Yingning Ma
2025
RealSafe: Quantifying Safety Risks of Language Agents in Real-World
Yingning Ma
Proceedings of the 31st International Conference on Computational Linguistics
We present RealSafe, an innovative evaluation framework that aims to rigorously assess the safety and reliability of large language model (LLM) agents in real application scenarios. RealSafe tracks the behavior of LLM agents in fourteen different application scenarios utilizing three contexts - standard operations, ambiguous interactions, and malicious behaviors. For standard operations and ambiguous interactions, possible risks based on the agents’ decision-making are categorized into high, medium and low levels to reveal safety problems arising even from non-malicious user instructions. In assessing malicious behavior, we evaluate six types of malicious attacks to test the LLM agents’ ability to recognize and defend against clearly malicious intent.
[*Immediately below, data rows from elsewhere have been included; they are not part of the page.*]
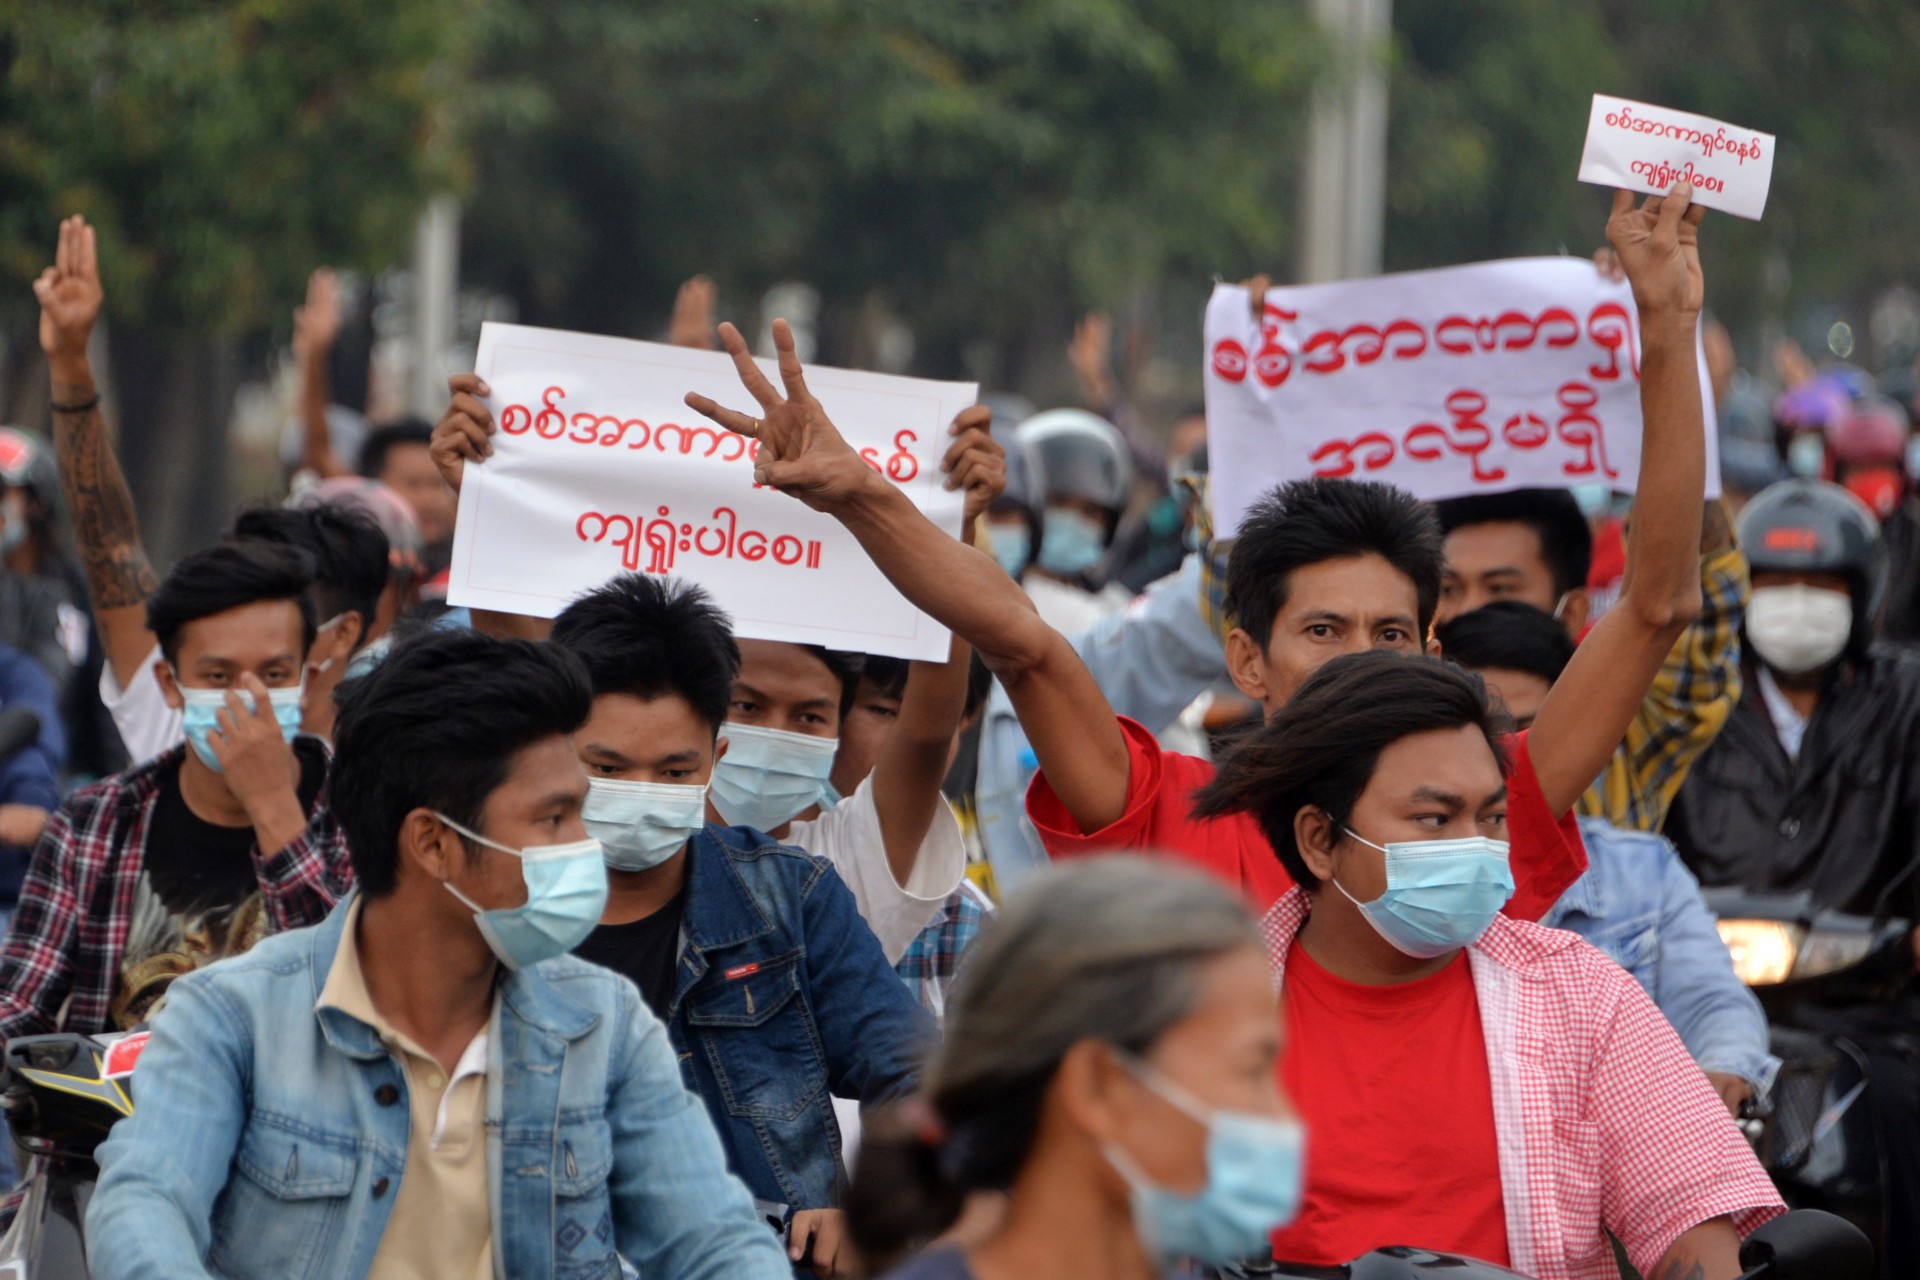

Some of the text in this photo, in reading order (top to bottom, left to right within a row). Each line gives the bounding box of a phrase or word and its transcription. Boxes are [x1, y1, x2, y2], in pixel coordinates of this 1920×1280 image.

[1604, 107, 1761, 164] စစ်အာဏာရှင်စနစ်
[1211, 301, 1643, 390] စစ်အာဏာရှ
[1309, 381, 1620, 484] အလိုမရှိ
[575, 504, 822, 575] ကျရှုံးပါစေ။
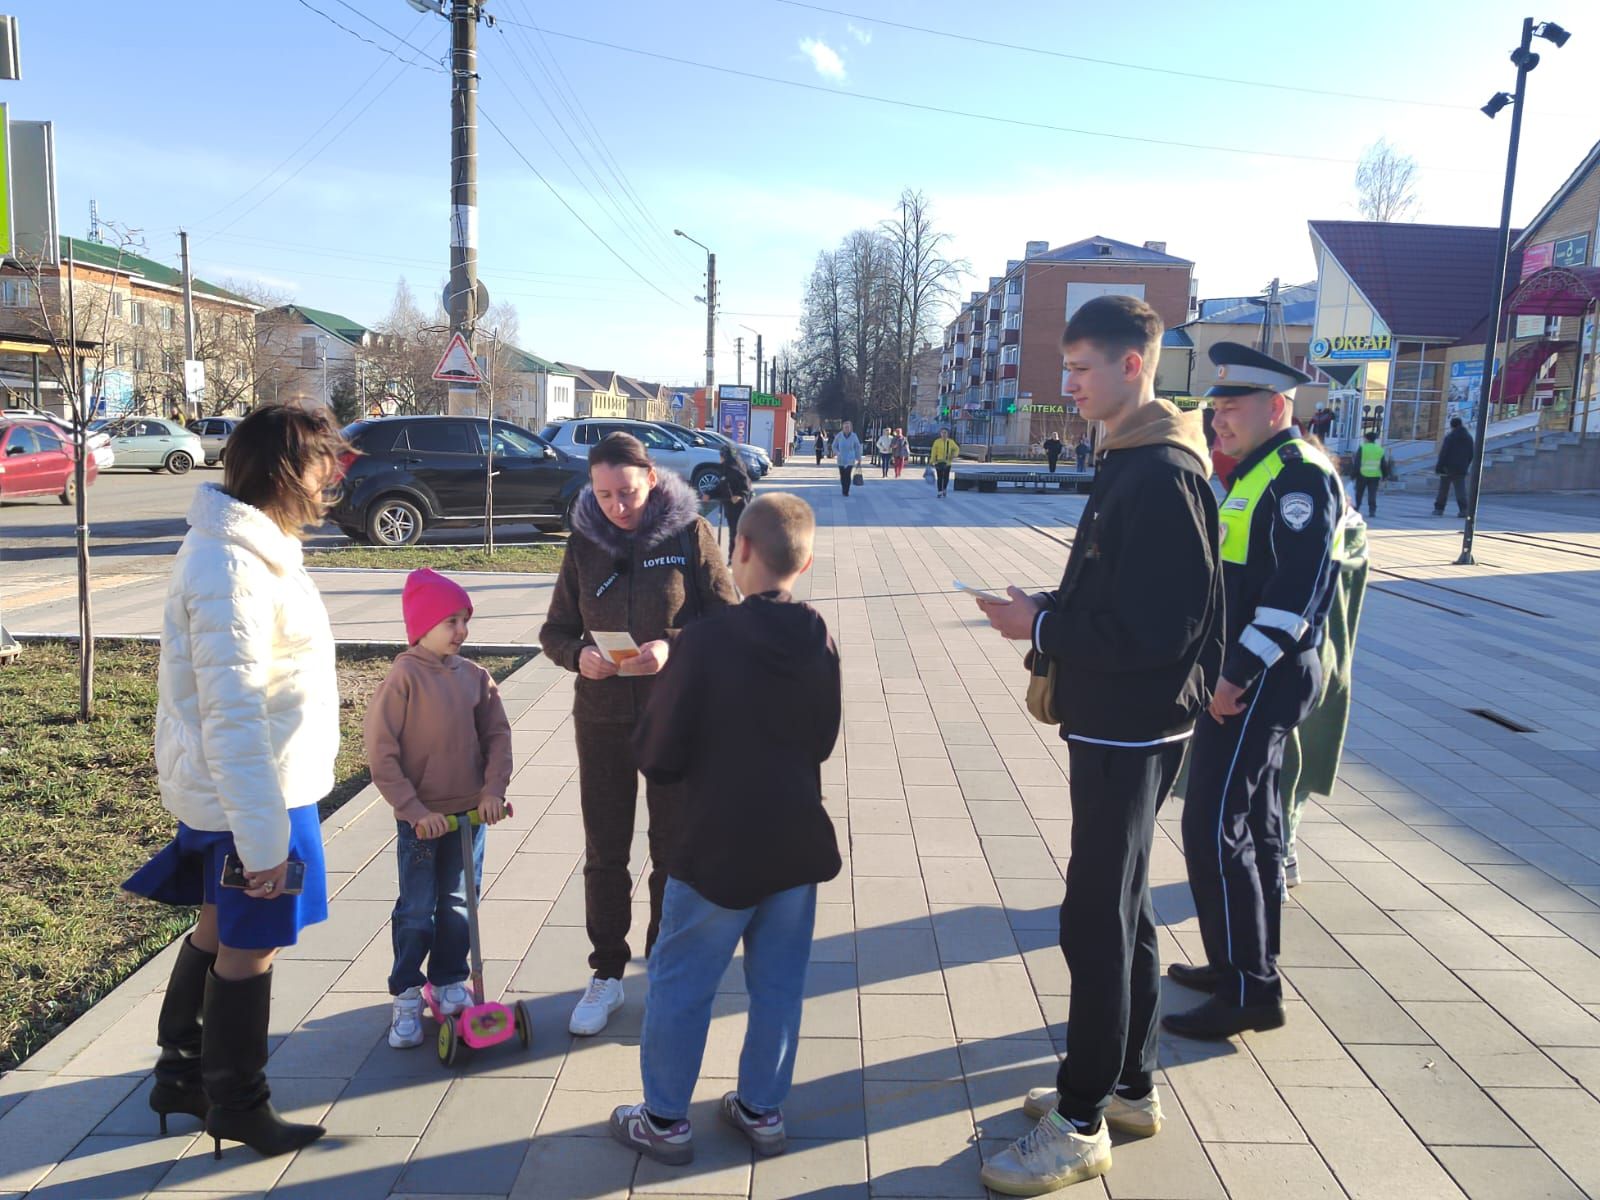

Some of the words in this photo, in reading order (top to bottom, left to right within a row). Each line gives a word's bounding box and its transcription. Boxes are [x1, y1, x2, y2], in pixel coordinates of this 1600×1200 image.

[1330, 335, 1391, 351] ОКЕАН
[1021, 404, 1064, 413] АПТЕКА
[643, 556, 665, 568] LOVE
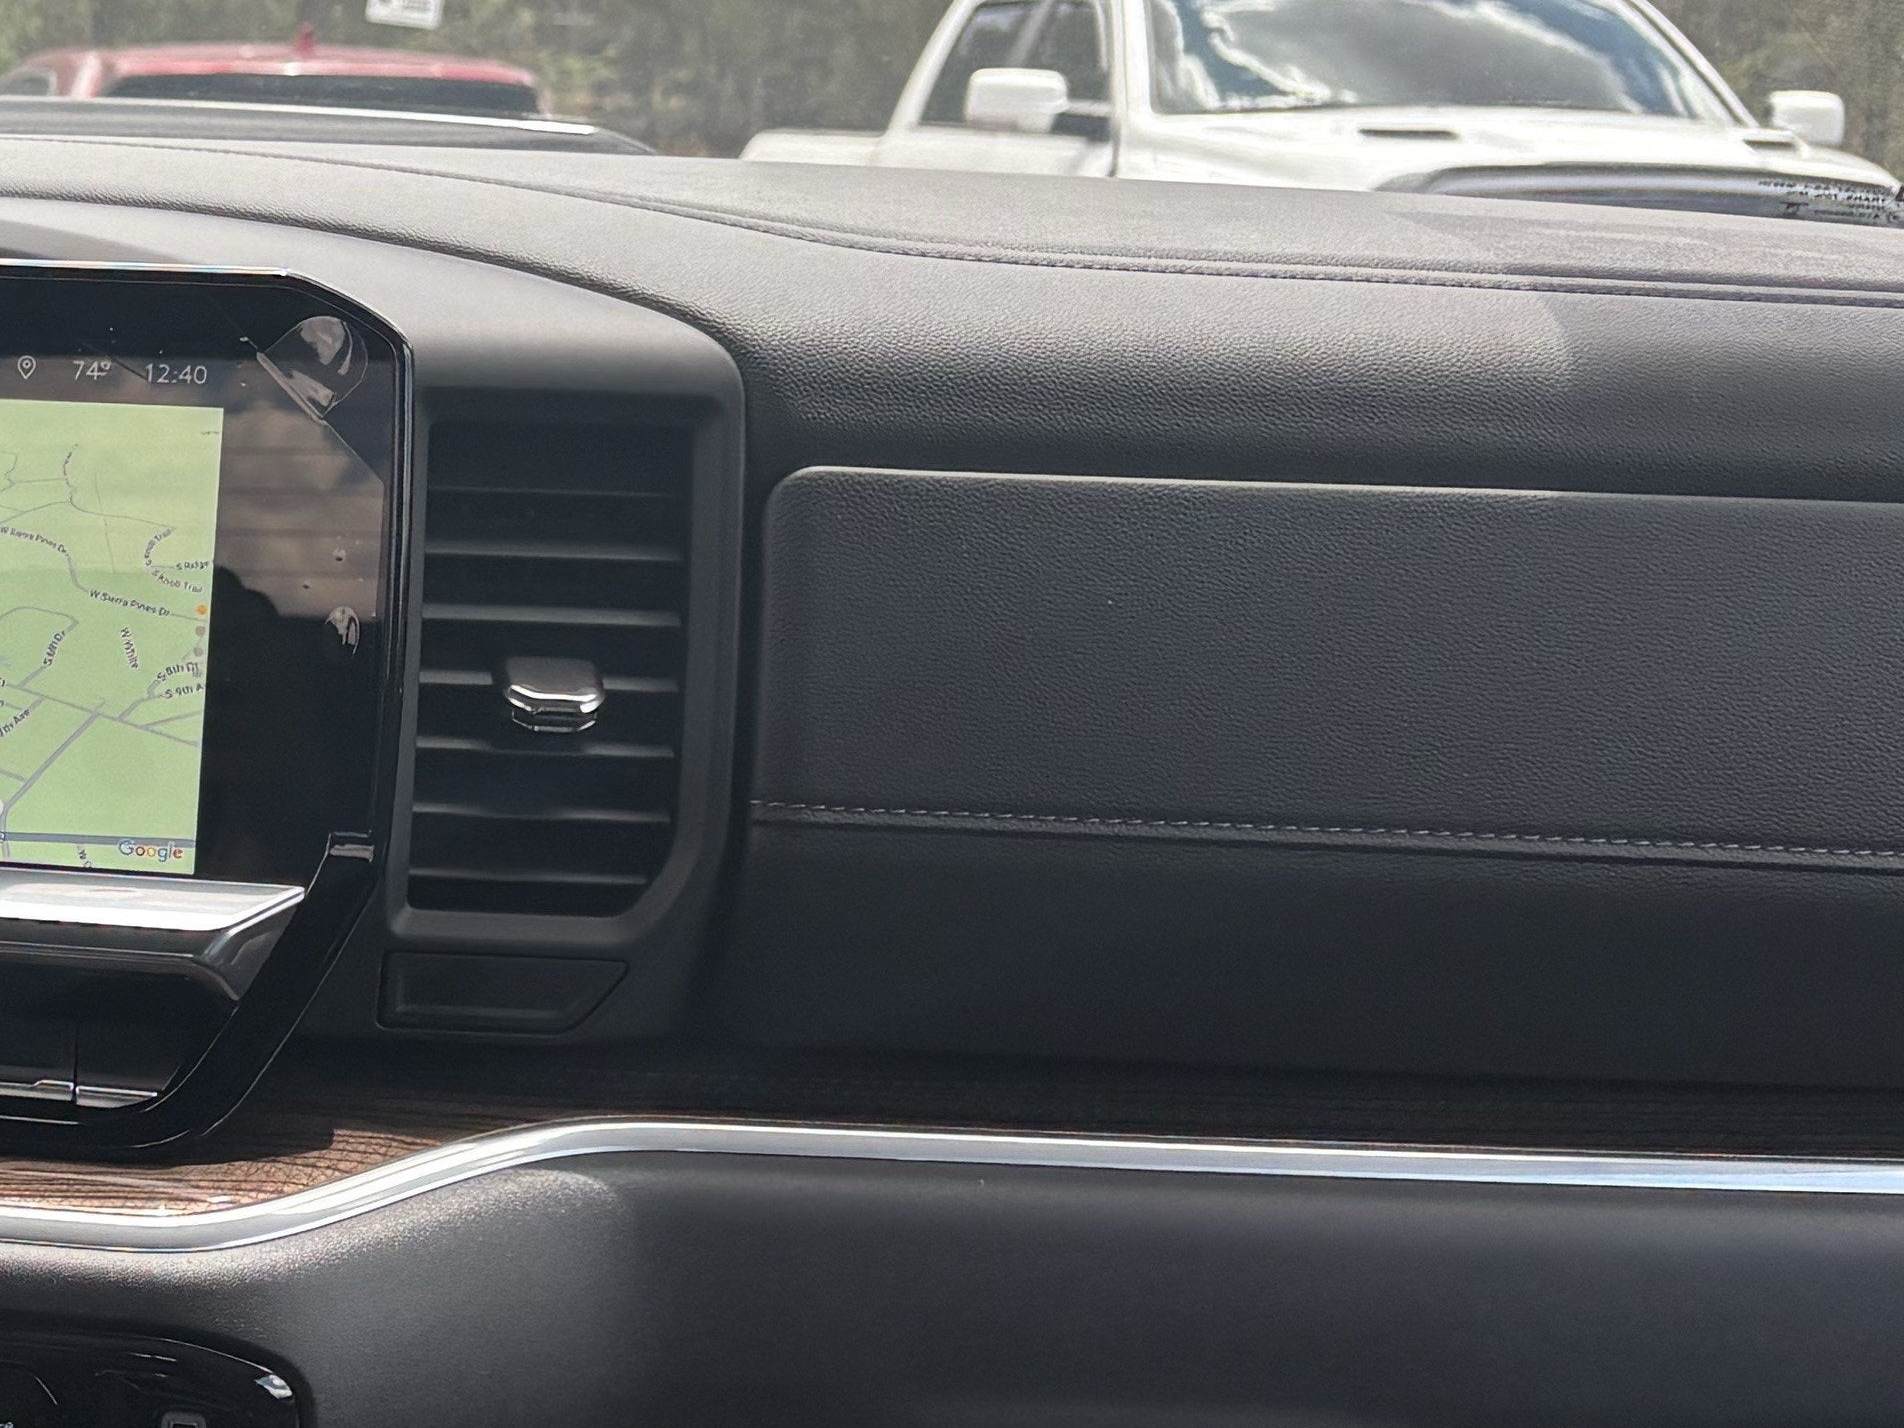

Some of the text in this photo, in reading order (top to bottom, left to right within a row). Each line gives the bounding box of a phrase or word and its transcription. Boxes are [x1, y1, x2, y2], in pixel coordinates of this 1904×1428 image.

After evaluating over 1000 queries involving multiple LLMs, we concluded that GPT-4 performed best among all evaluated models. However, it still has several deficiencies. This discovery highlights the need to enhance sensitivity and response to different security threats when designing and developing LLM agents. RealSafe offers an empirical time frame for researchers and developers to better understand the security problems LLM agents might face in real deployment and offers specific directions and ideas for building safer and smarter LLM agents down the road.